_Records supplied_.
○ ○ ○ ○ ○ ○ ○

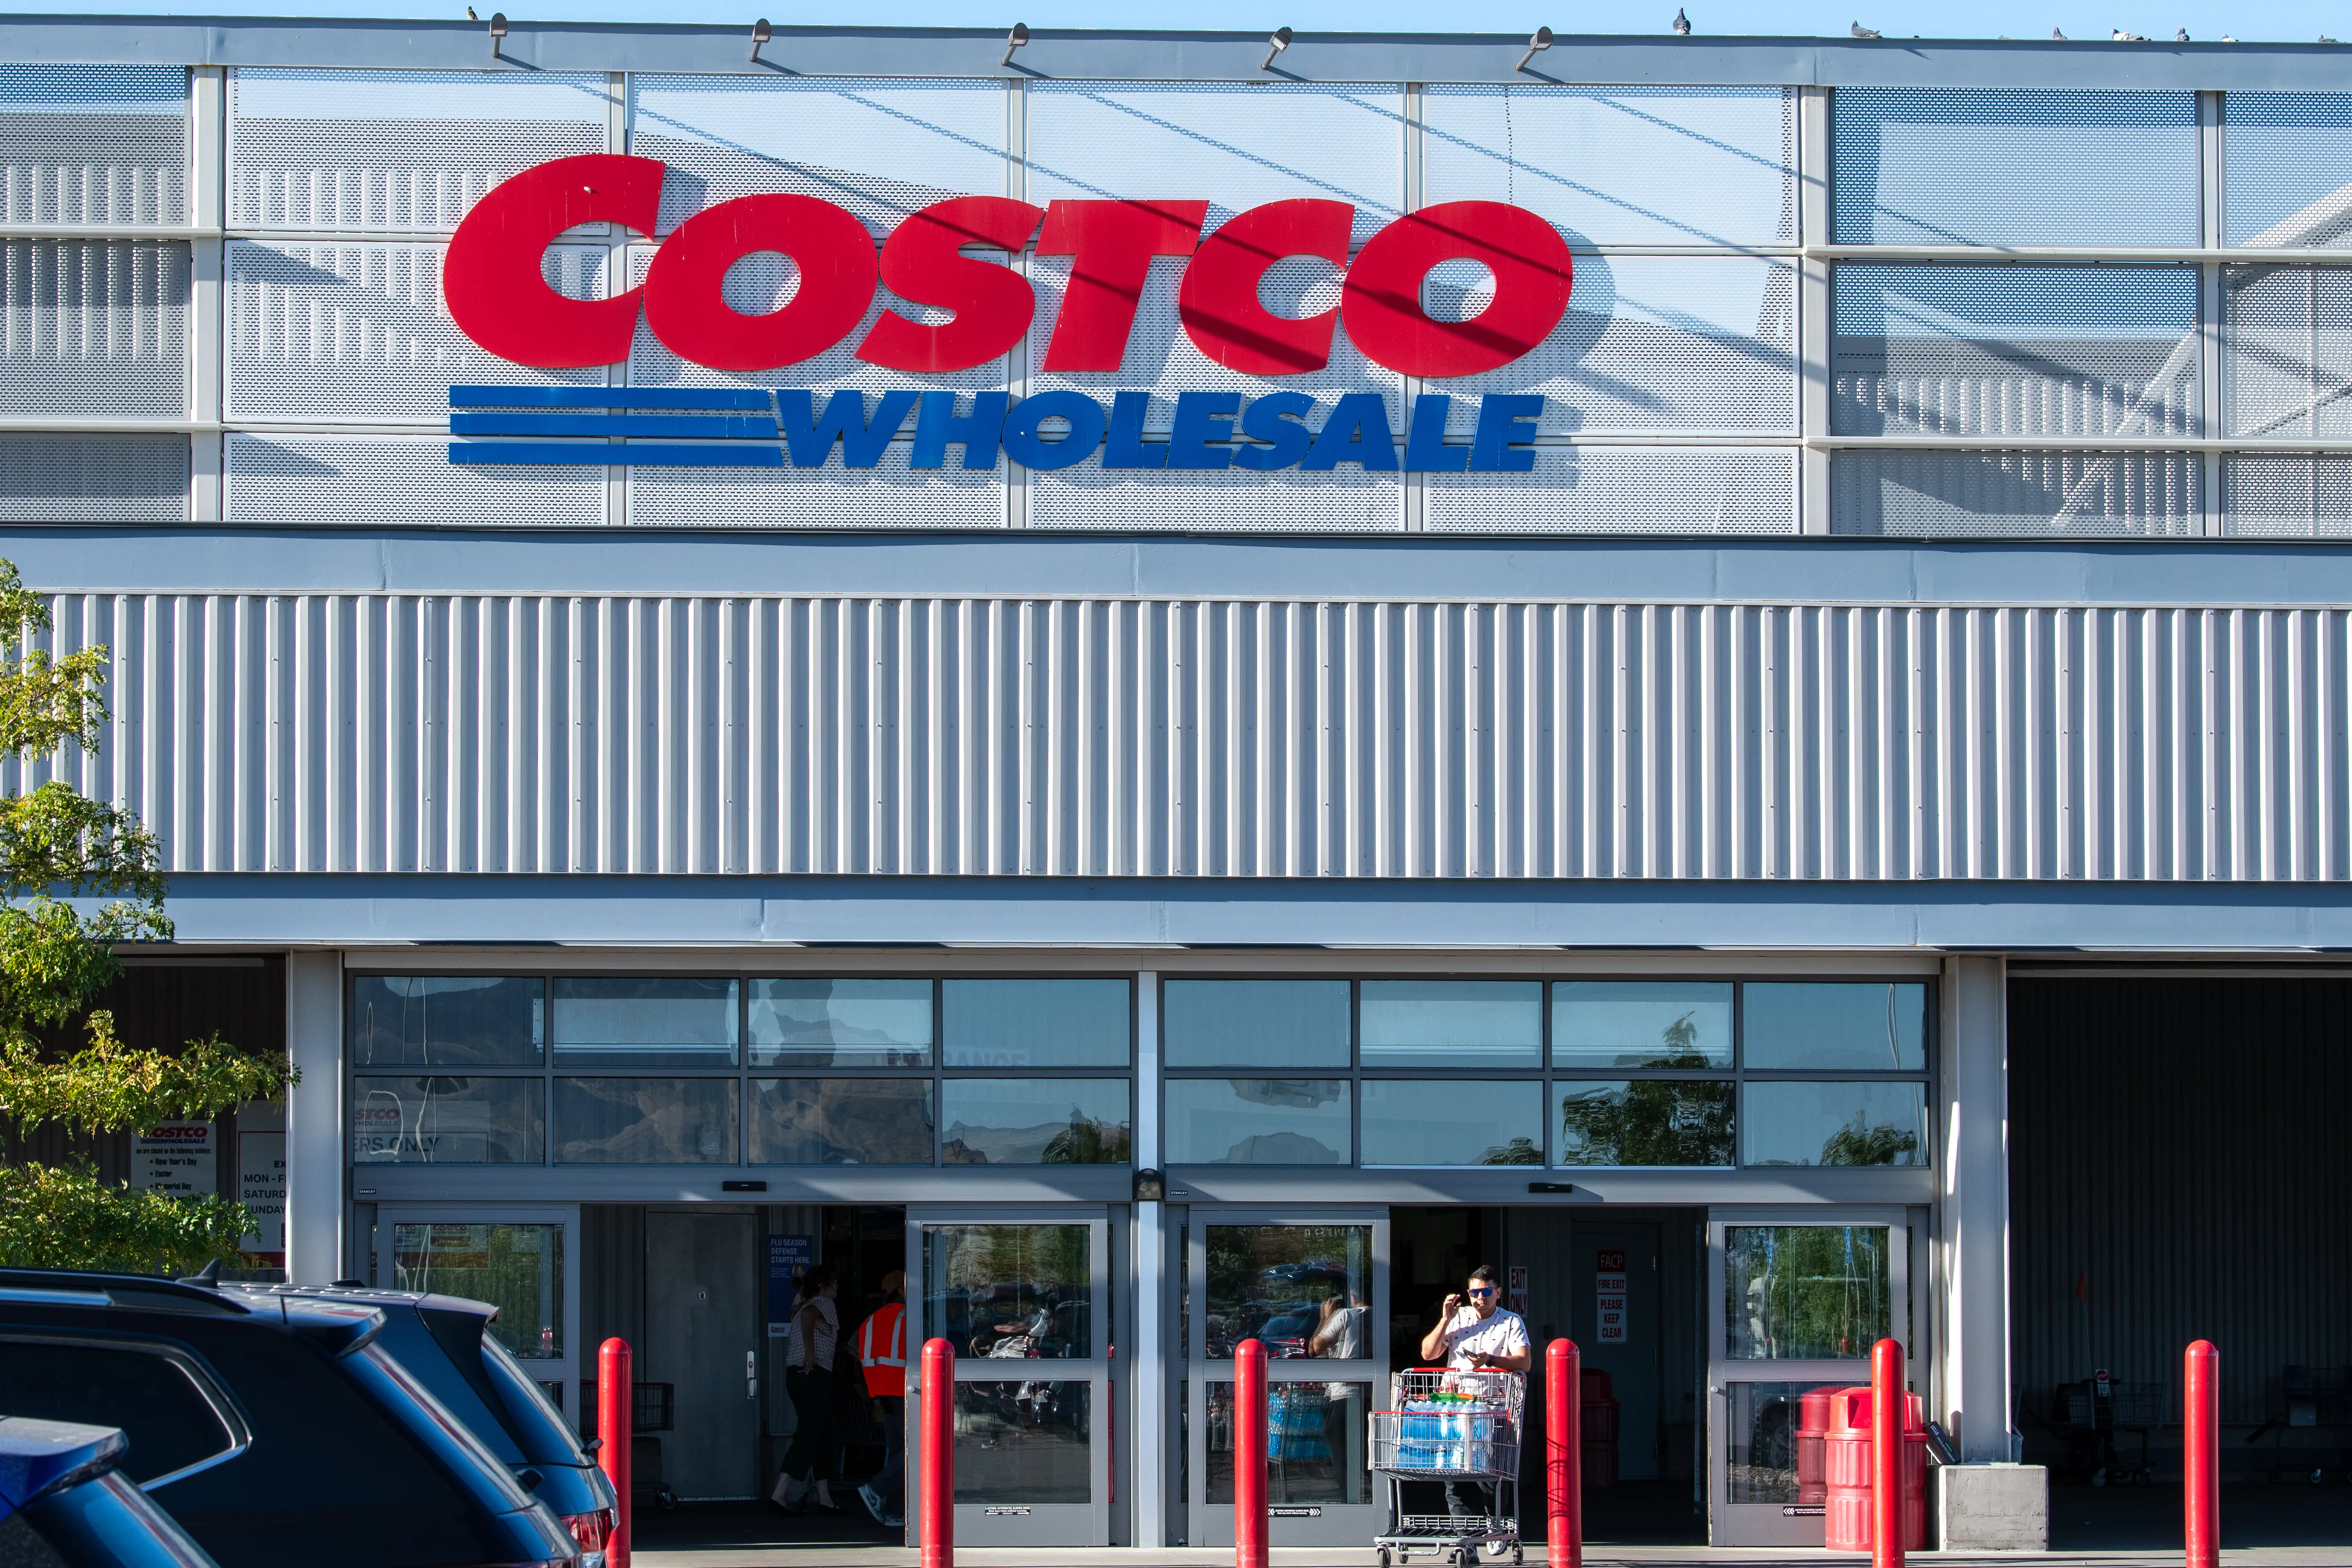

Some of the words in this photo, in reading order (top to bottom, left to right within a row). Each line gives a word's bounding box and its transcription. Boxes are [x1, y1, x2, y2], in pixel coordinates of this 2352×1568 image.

[443, 153, 1573, 378] COSTCO
[776, 390, 1545, 472] WHOLESALE
[144, 1127, 207, 1138] OSTCO
[389, 1137, 439, 1152] ONLY
[244, 1174, 269, 1183] MON
[278, 1174, 286, 1183] F
[244, 1190, 286, 1198] SATURD
[251, 1206, 286, 1214] UNDAY
[1601, 1255, 1623, 1268] FACP
[1511, 1268, 1525, 1289] EXIT
[1598, 1279, 1611, 1288] FIRE
[1612, 1279, 1625, 1289] EXIT
[1510, 1293, 1527, 1315] ONLY
[1601, 1299, 1623, 1309] PLEASE
[1604, 1313, 1620, 1323] KEEP
[1602, 1328, 1622, 1338] CLEAR
[1930, 1425, 1939, 1435] CELLO
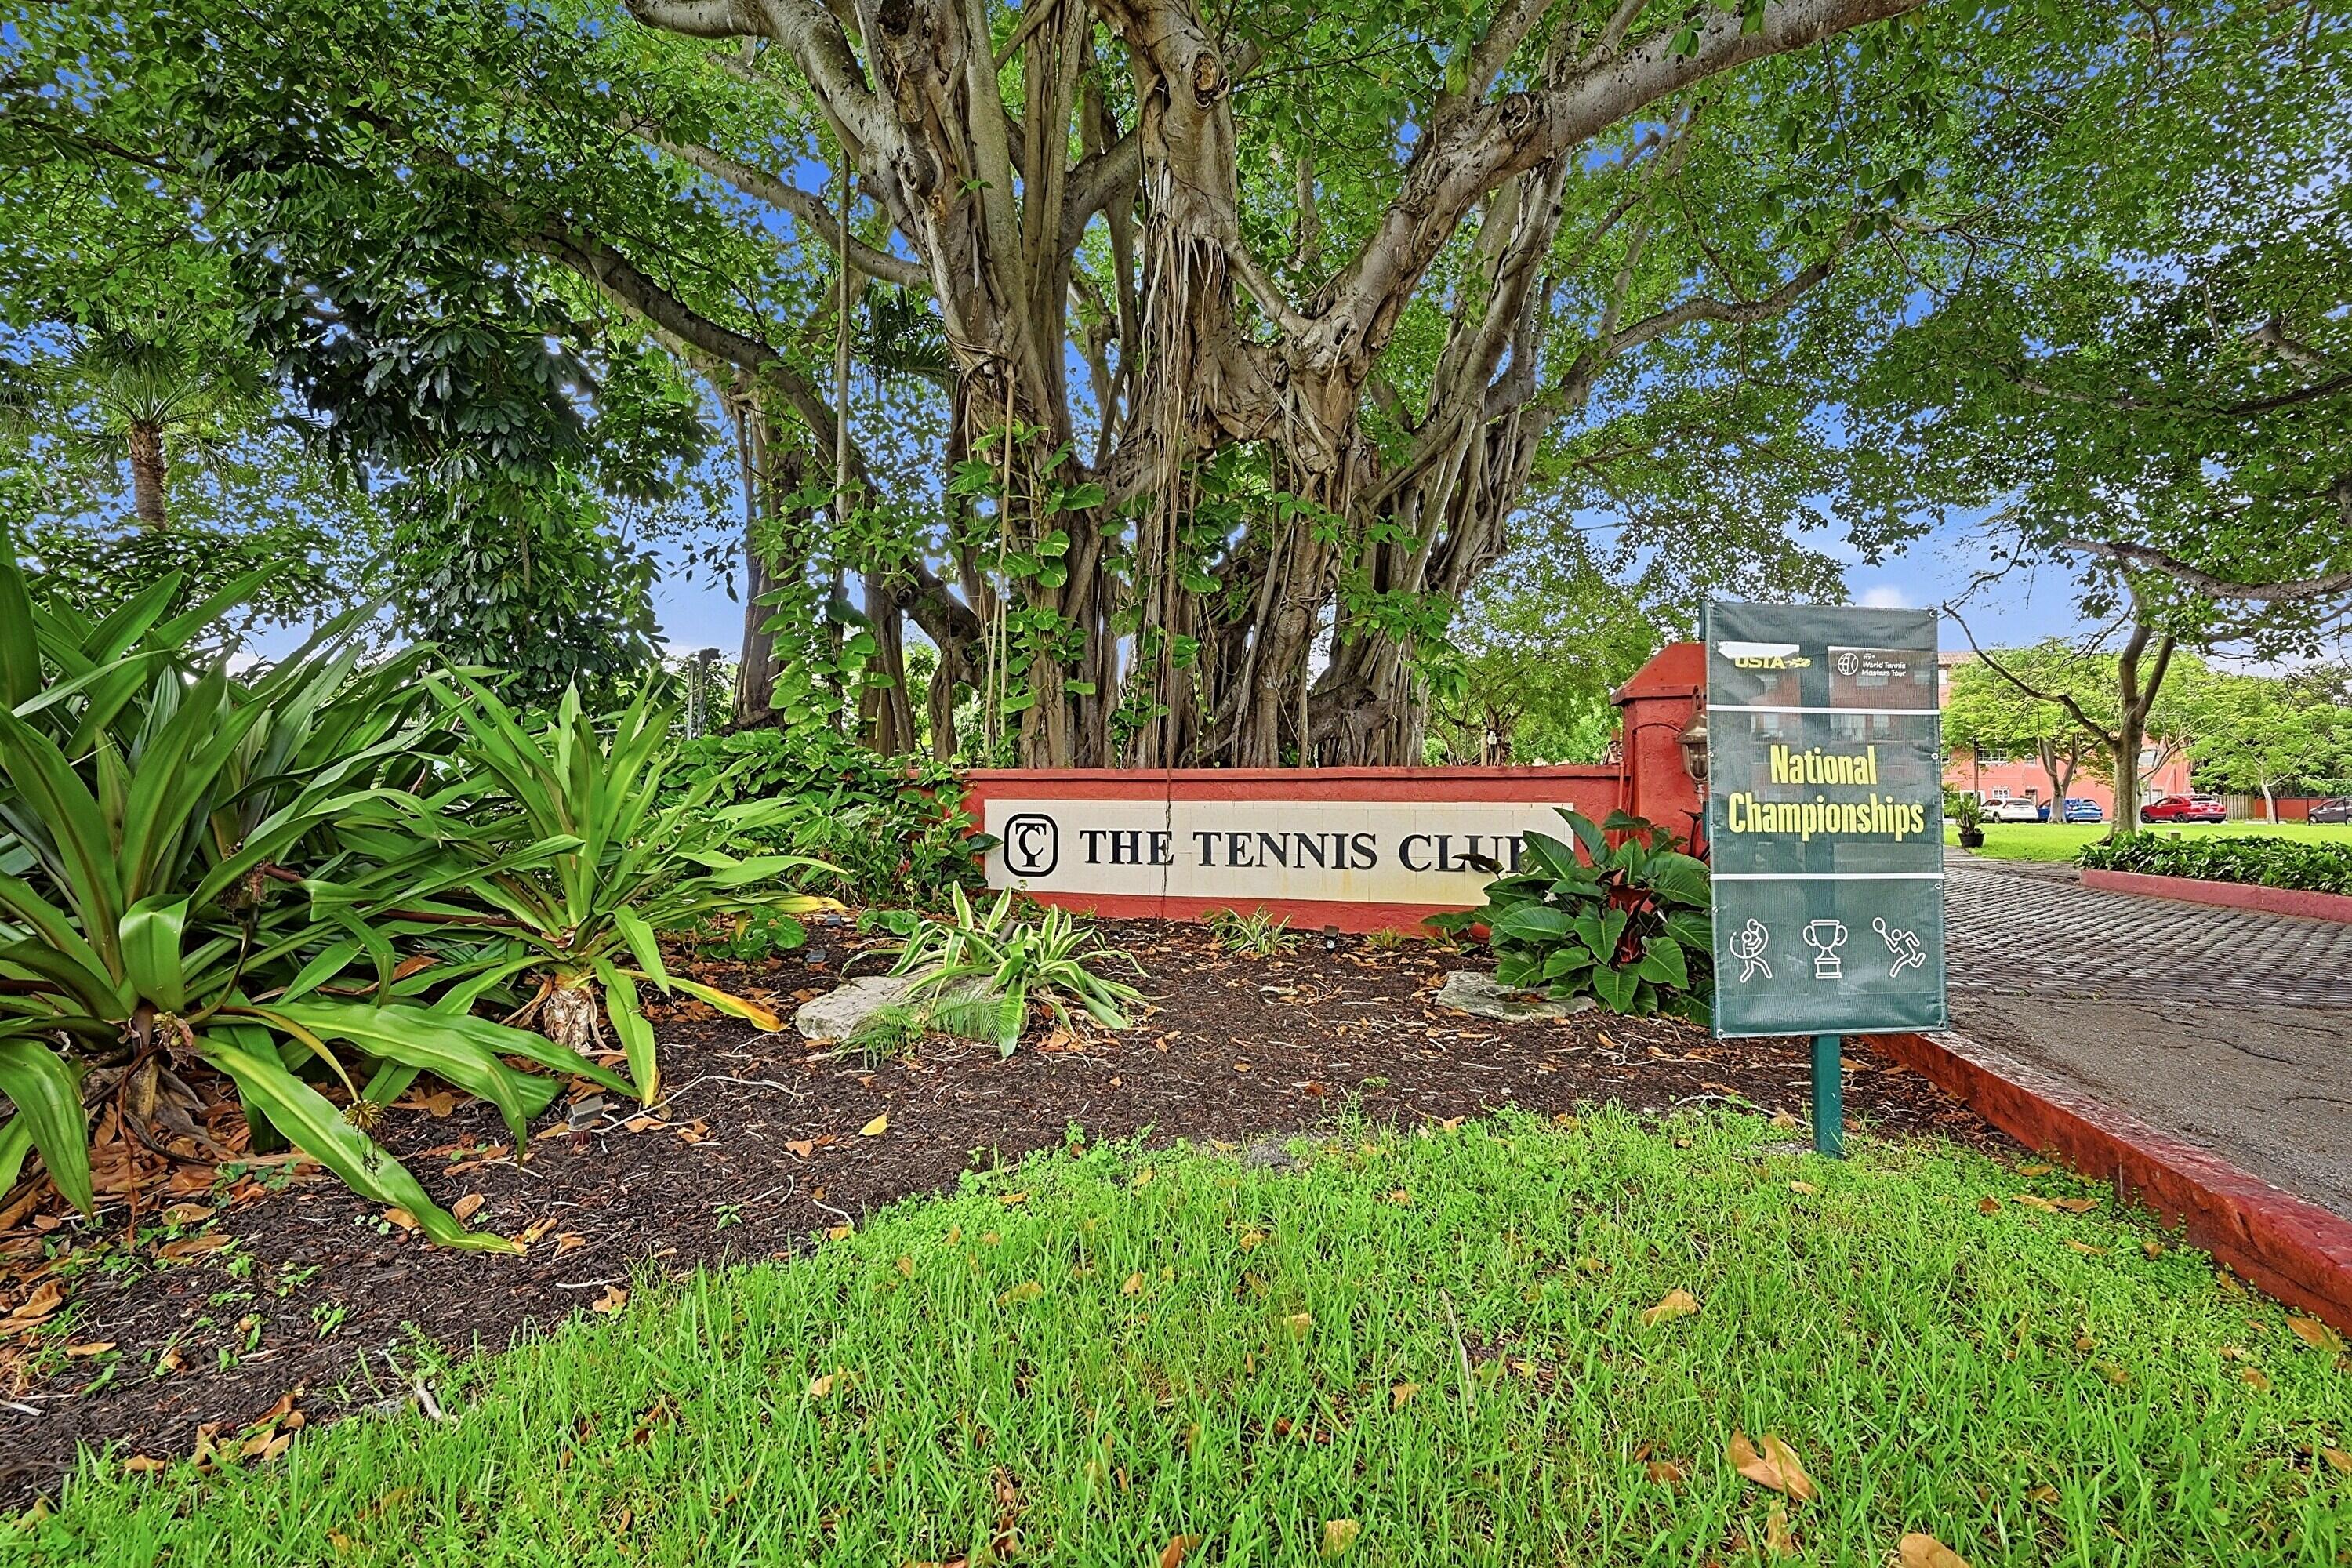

○ ○ ○ ○ ○ ○ ○

_Brief_. The answer should match the material exactly, with every picture removed.

_Solution to this task_.
Some of the words in this photo, in reading order (top to bottom, left to right within a row). Each line gives a word's bounding box and its transcription. Boxes are [x1, y1, x2, y2], in pixel coordinates of this 2352×1568 image.

[443, 153, 1573, 378] COSTCO
[776, 390, 1545, 472] WHOLESALE
[144, 1127, 207, 1138] OSTCO
[389, 1137, 439, 1152] ONLY
[244, 1174, 269, 1183] MON
[278, 1174, 286, 1183] F
[244, 1190, 286, 1198] SATURD
[251, 1206, 286, 1214] UNDAY
[1601, 1255, 1623, 1268] FACP
[1511, 1268, 1525, 1289] EXIT
[1598, 1279, 1611, 1288] FIRE
[1612, 1279, 1625, 1289] EXIT
[1510, 1293, 1527, 1315] ONLY
[1601, 1299, 1623, 1309] PLEASE
[1604, 1313, 1620, 1323] KEEP
[1602, 1328, 1622, 1338] CLEAR
[1930, 1425, 1939, 1435] CELLO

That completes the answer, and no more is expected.